▸ **Exercise objective**
Transcribe all of the data verbatim, please, and leave out its pictures.

▸ **Dataset entries**
=-=-=-=-=

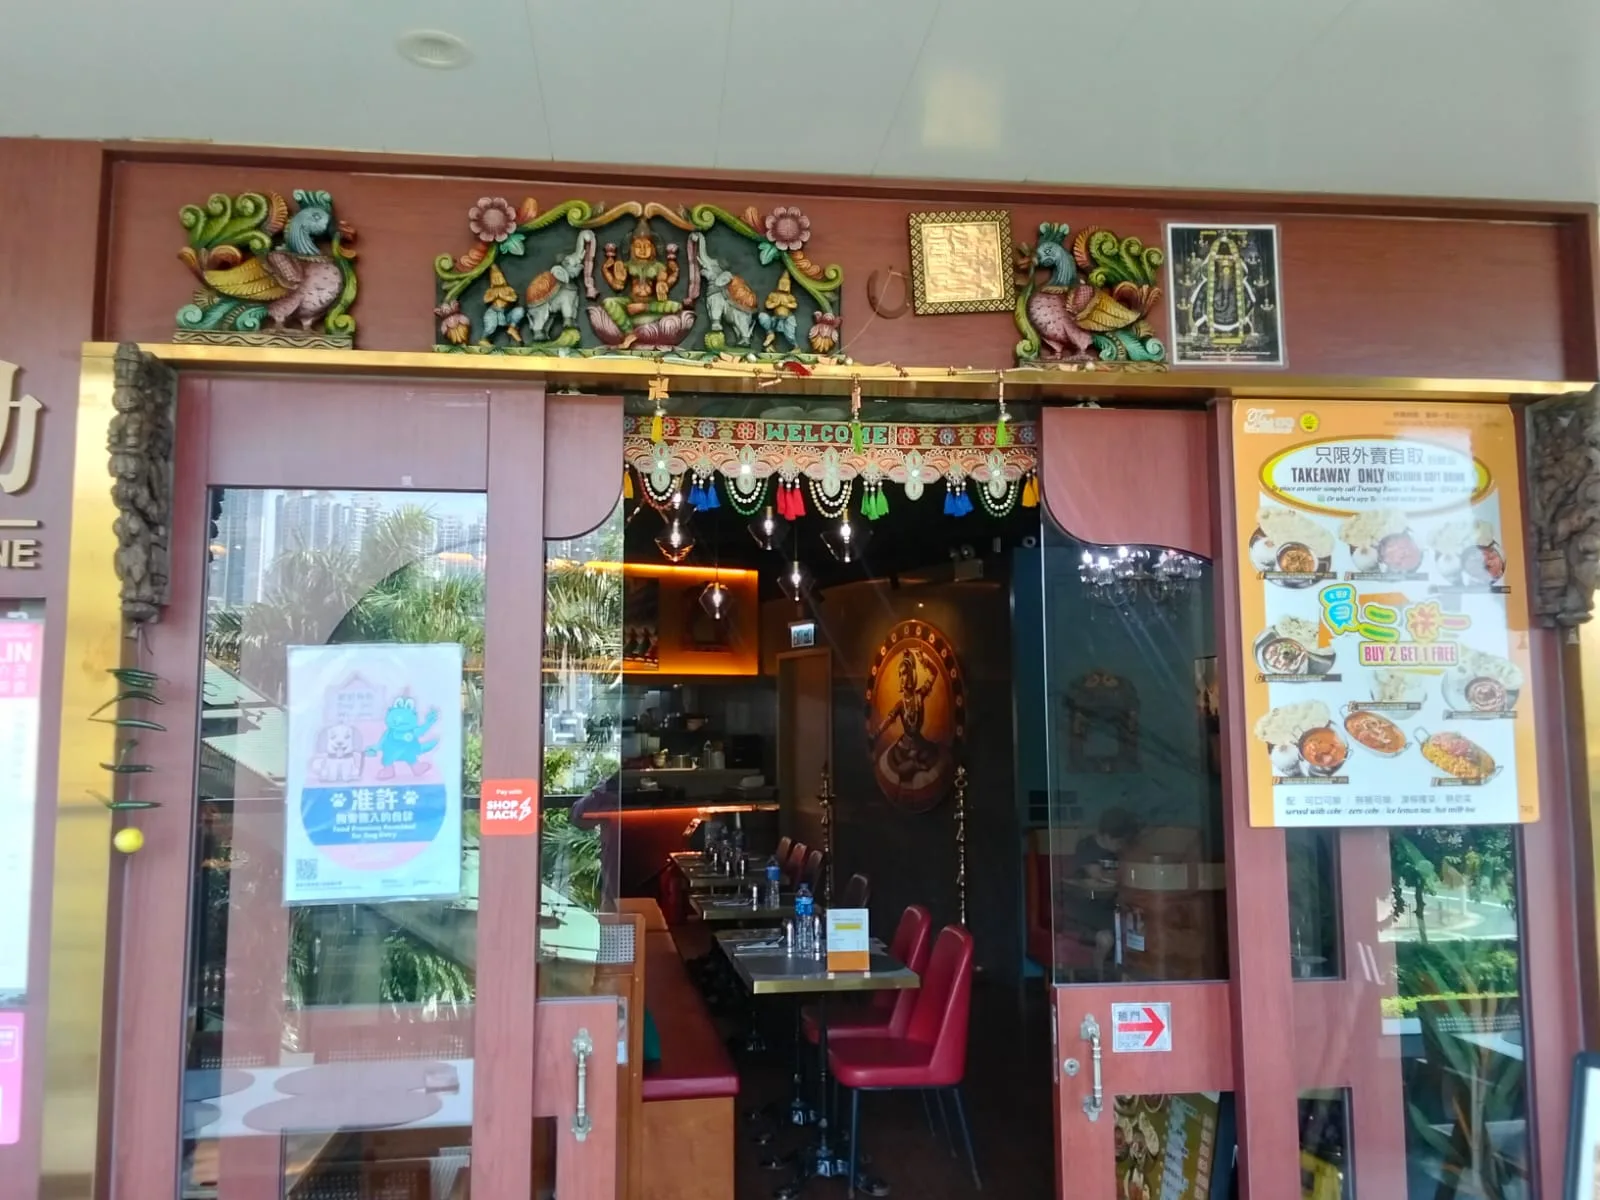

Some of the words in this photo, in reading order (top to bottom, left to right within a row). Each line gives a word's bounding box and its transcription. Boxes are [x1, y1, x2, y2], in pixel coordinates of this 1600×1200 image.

[1315, 446, 1424, 465] 只限外賣自取
[1291, 467, 1350, 483] TAKEAWAY
[1358, 468, 1385, 484] ONLY
[1364, 645, 1385, 661] BUY
[1389, 646, 1397, 661] 2
[1400, 646, 1418, 662] GET
[1432, 646, 1455, 662] FREE
[351, 788, 399, 811] 准許
[486, 800, 519, 810] SHOP
[486, 810, 519, 820] BACK
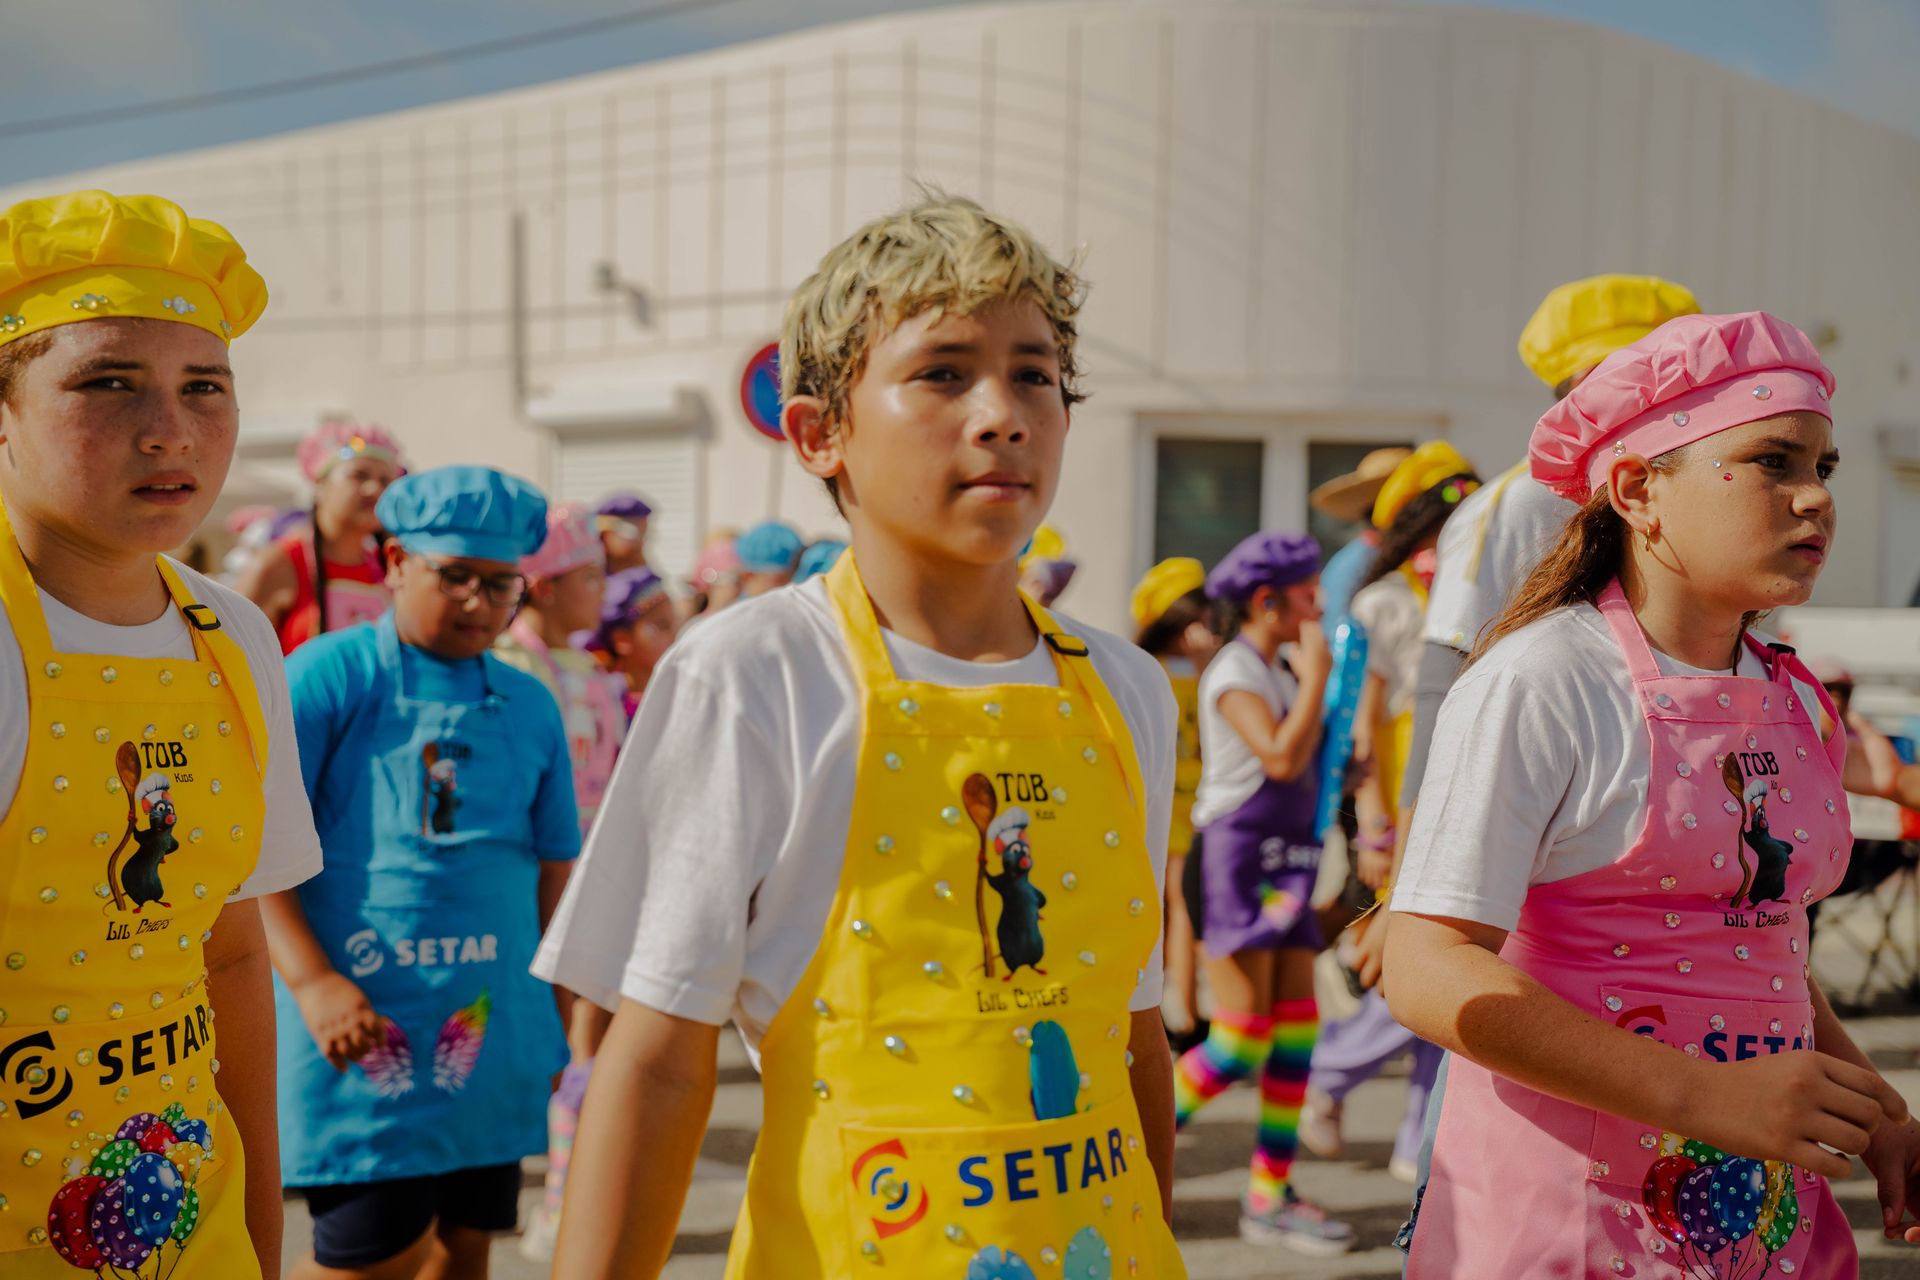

=-=-=-=-=

▸ **Answer to the exercise**
Some of the words in this photo, in reading order (top to bottom, left to right within a row). Each line gives a word's bounding box and its transcription. Boxes are [x1, y1, x2, y2], in pixel coordinates of this 1600×1200 image.

[1315, 446, 1424, 465] 只限外賣自取
[1291, 467, 1350, 483] TAKEAWAY
[1358, 468, 1385, 484] ONLY
[1364, 645, 1385, 661] BUY
[1389, 646, 1397, 661] 2
[1400, 646, 1418, 662] GET
[1432, 646, 1455, 662] FREE
[351, 788, 399, 811] 准許
[486, 800, 519, 810] SHOP
[486, 810, 519, 820] BACK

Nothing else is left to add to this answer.